START THE DATA

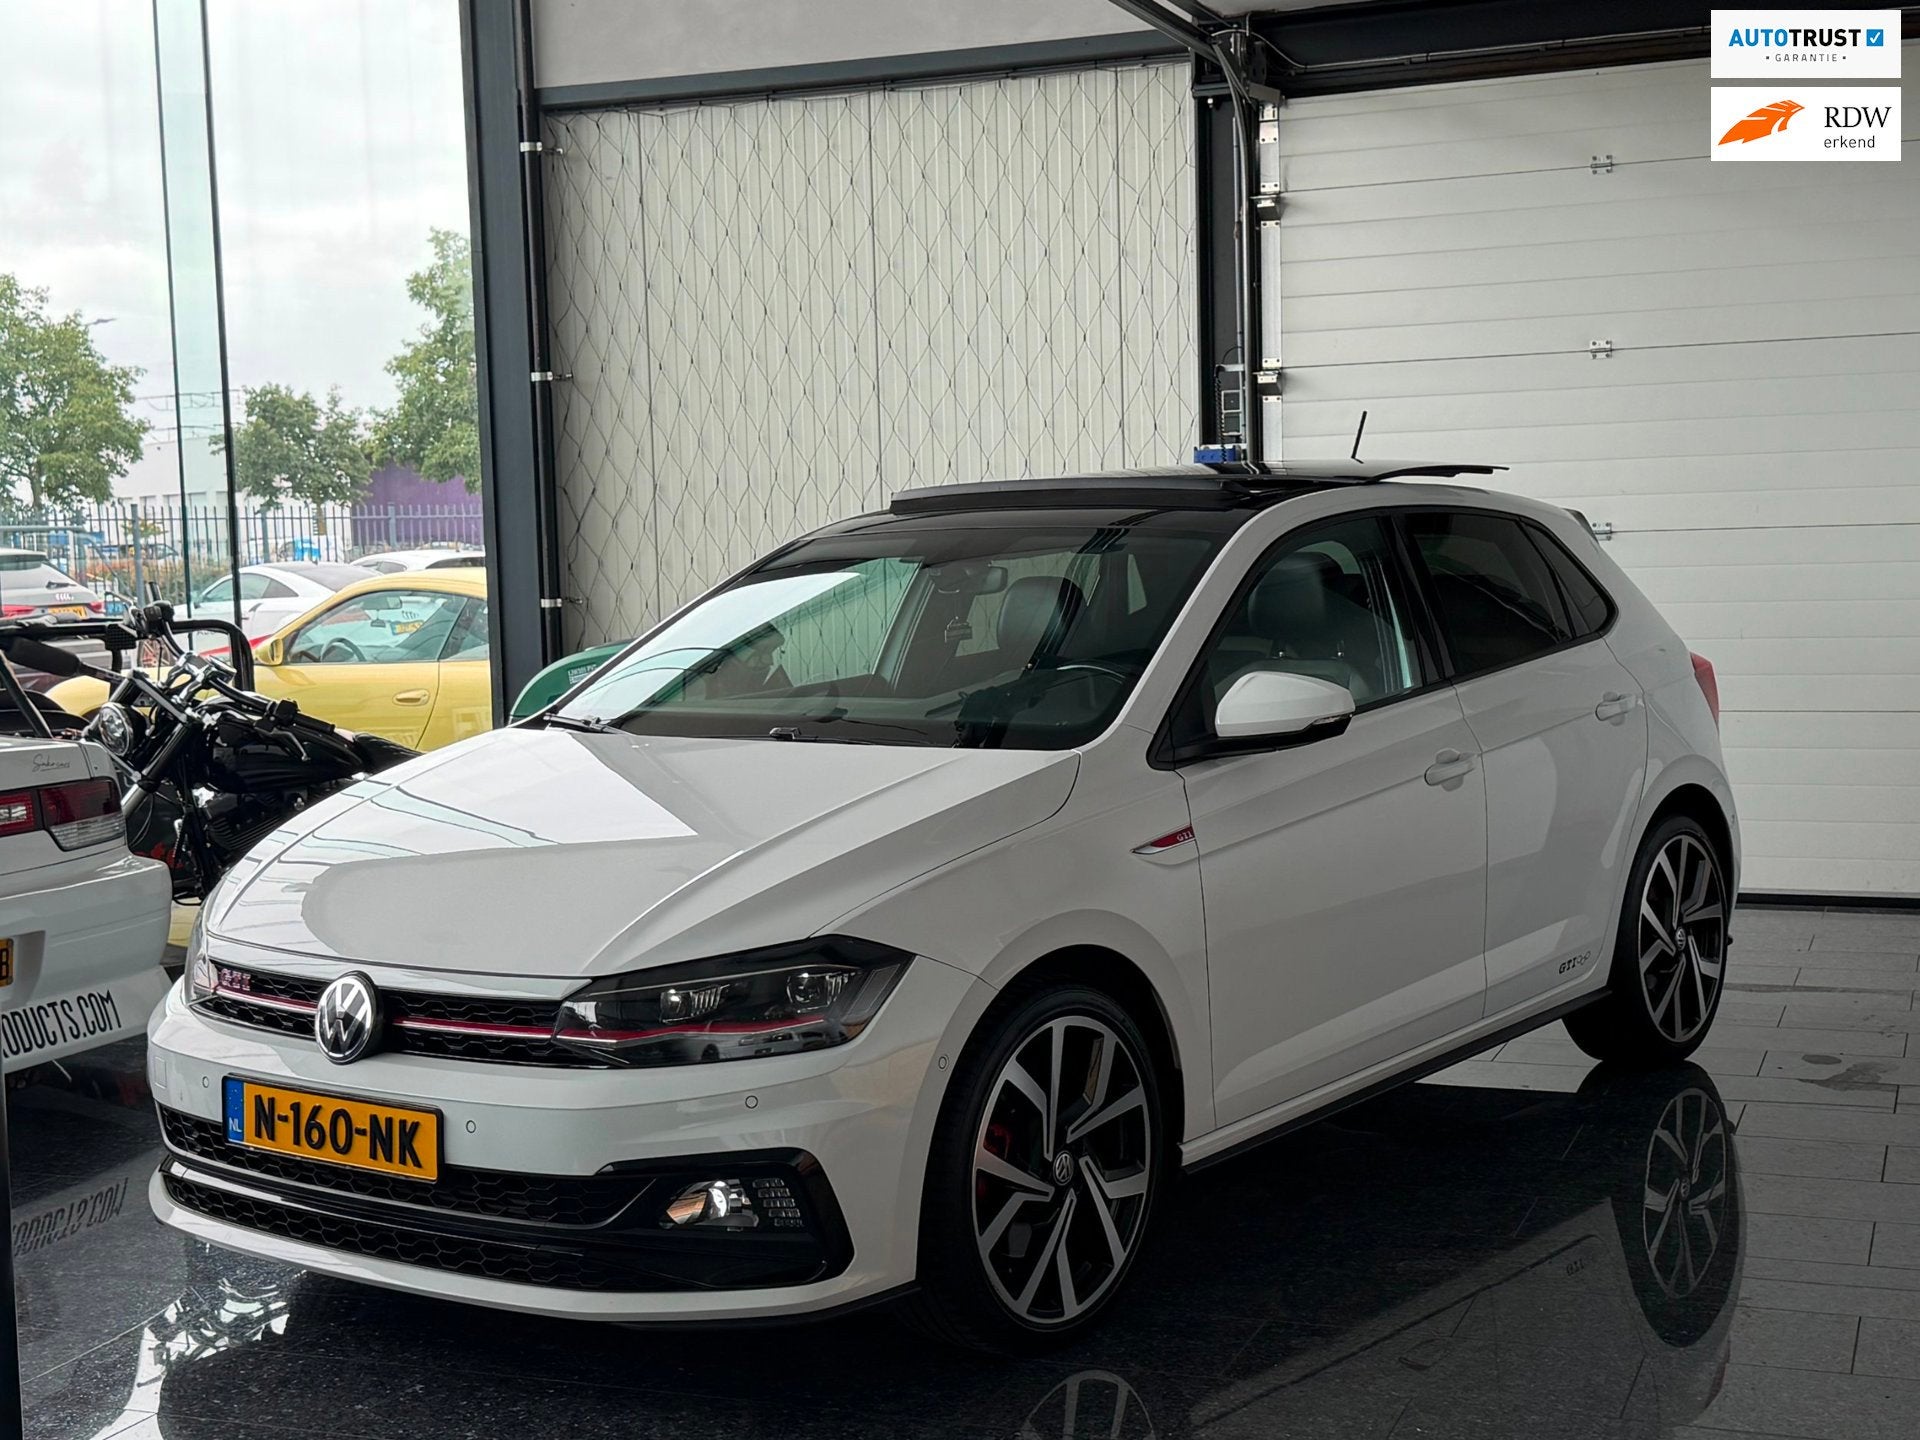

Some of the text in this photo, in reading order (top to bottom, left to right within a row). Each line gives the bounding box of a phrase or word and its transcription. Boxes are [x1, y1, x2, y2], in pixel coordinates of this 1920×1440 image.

[1559, 957, 1577, 974] GTI
[220, 968, 251, 991] GTI
[1, 989, 122, 1058] ODUCTS.COM
[228, 1117, 242, 1133] NL
[254, 1094, 423, 1168] N-160-NK
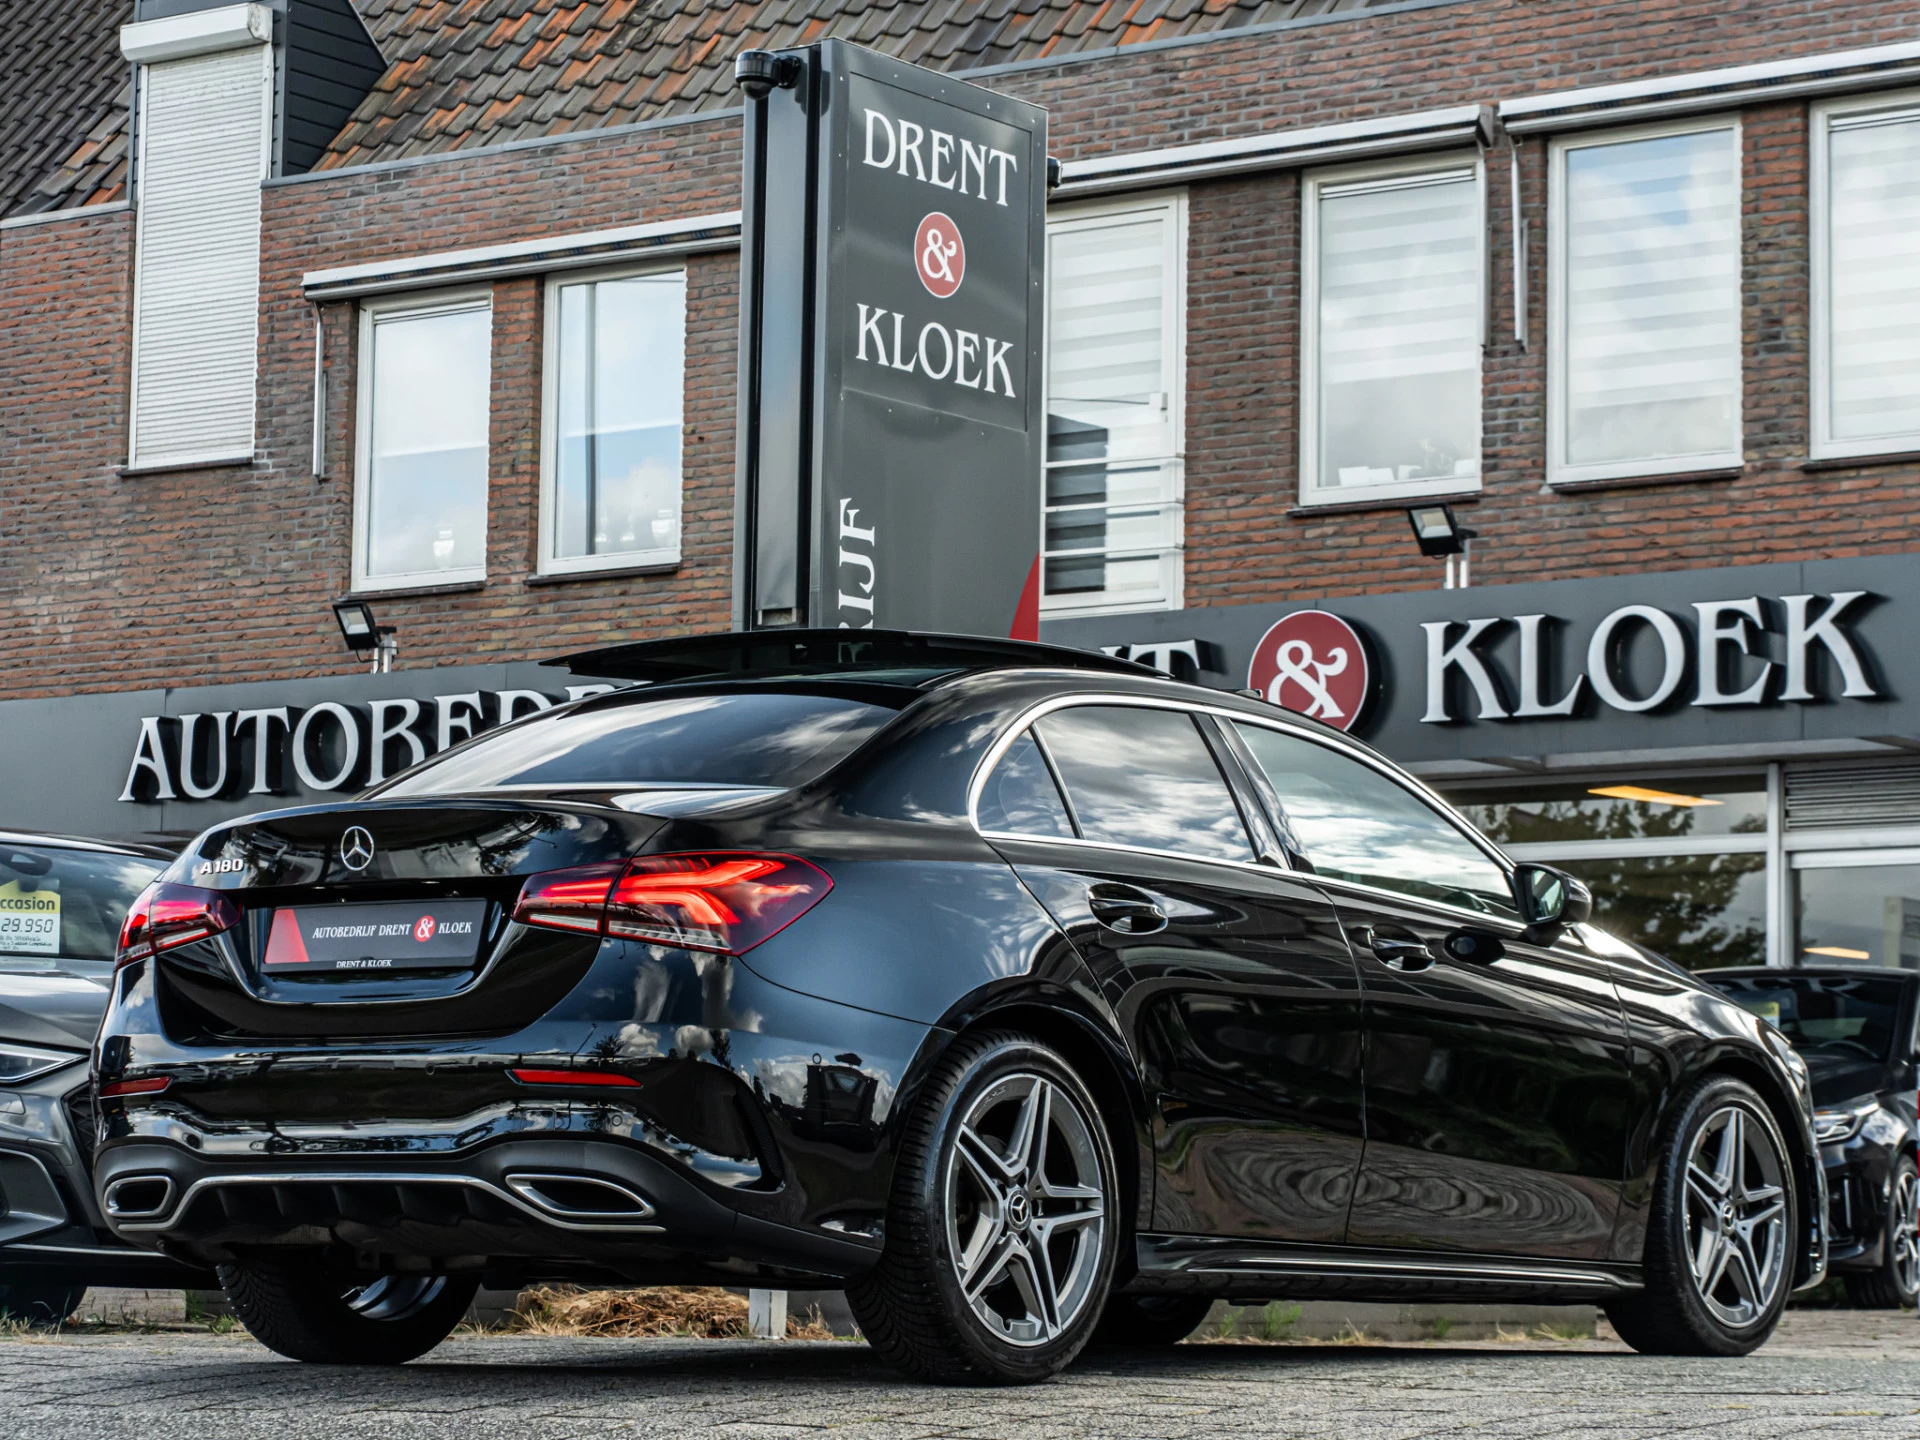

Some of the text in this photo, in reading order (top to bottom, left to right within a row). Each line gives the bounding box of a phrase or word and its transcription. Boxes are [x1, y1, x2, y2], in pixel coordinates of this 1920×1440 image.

[862, 107, 1018, 207] DRENT
[922, 228, 957, 283] &
[855, 302, 1017, 398] KLOEK
[837, 497, 876, 630] IJF
[1267, 639, 1348, 718] &
[1419, 591, 1876, 722] KLOEK
[312, 917, 472, 939] AUTOBEDRIJF DRENT & KLOEK
[336, 959, 361, 968] DRENT
[368, 958, 393, 968] KLOEK

END THE DATA

◆ **PROBLEM DESCRIPTION**: Everything in the preceding material must be transcribed exactly, except the images.

◆ **WRITTEN RESPONSE**:
Some of the text in this photo, in reading order (top to bottom, left to right within a row). Each line gives the bounding box of a phrase or word and its transcription. Boxes are [x1, y1, x2, y2], in pixel coordinates of this 1920×1440 image.

[1559, 957, 1577, 974] GTI
[220, 968, 251, 991] GTI
[1, 989, 122, 1058] ODUCTS.COM
[228, 1117, 242, 1133] NL
[254, 1094, 423, 1168] N-160-NK

Some of the text in this photo, in reading order (top to bottom, left to right within a row). Each line gives the bounding box of a phrase or word and its transcription. Boxes are [x1, y1, x2, y2], in pixel coordinates of this 1920×1440 image.

[862, 107, 1018, 207] DRENT
[922, 228, 957, 283] &
[855, 302, 1017, 398] KLOEK
[837, 497, 876, 630] IJF
[1267, 639, 1348, 718] &
[1419, 591, 1876, 722] KLOEK
[312, 917, 472, 939] AUTOBEDRIJF DRENT & KLOEK
[336, 959, 361, 968] DRENT
[368, 958, 393, 968] KLOEK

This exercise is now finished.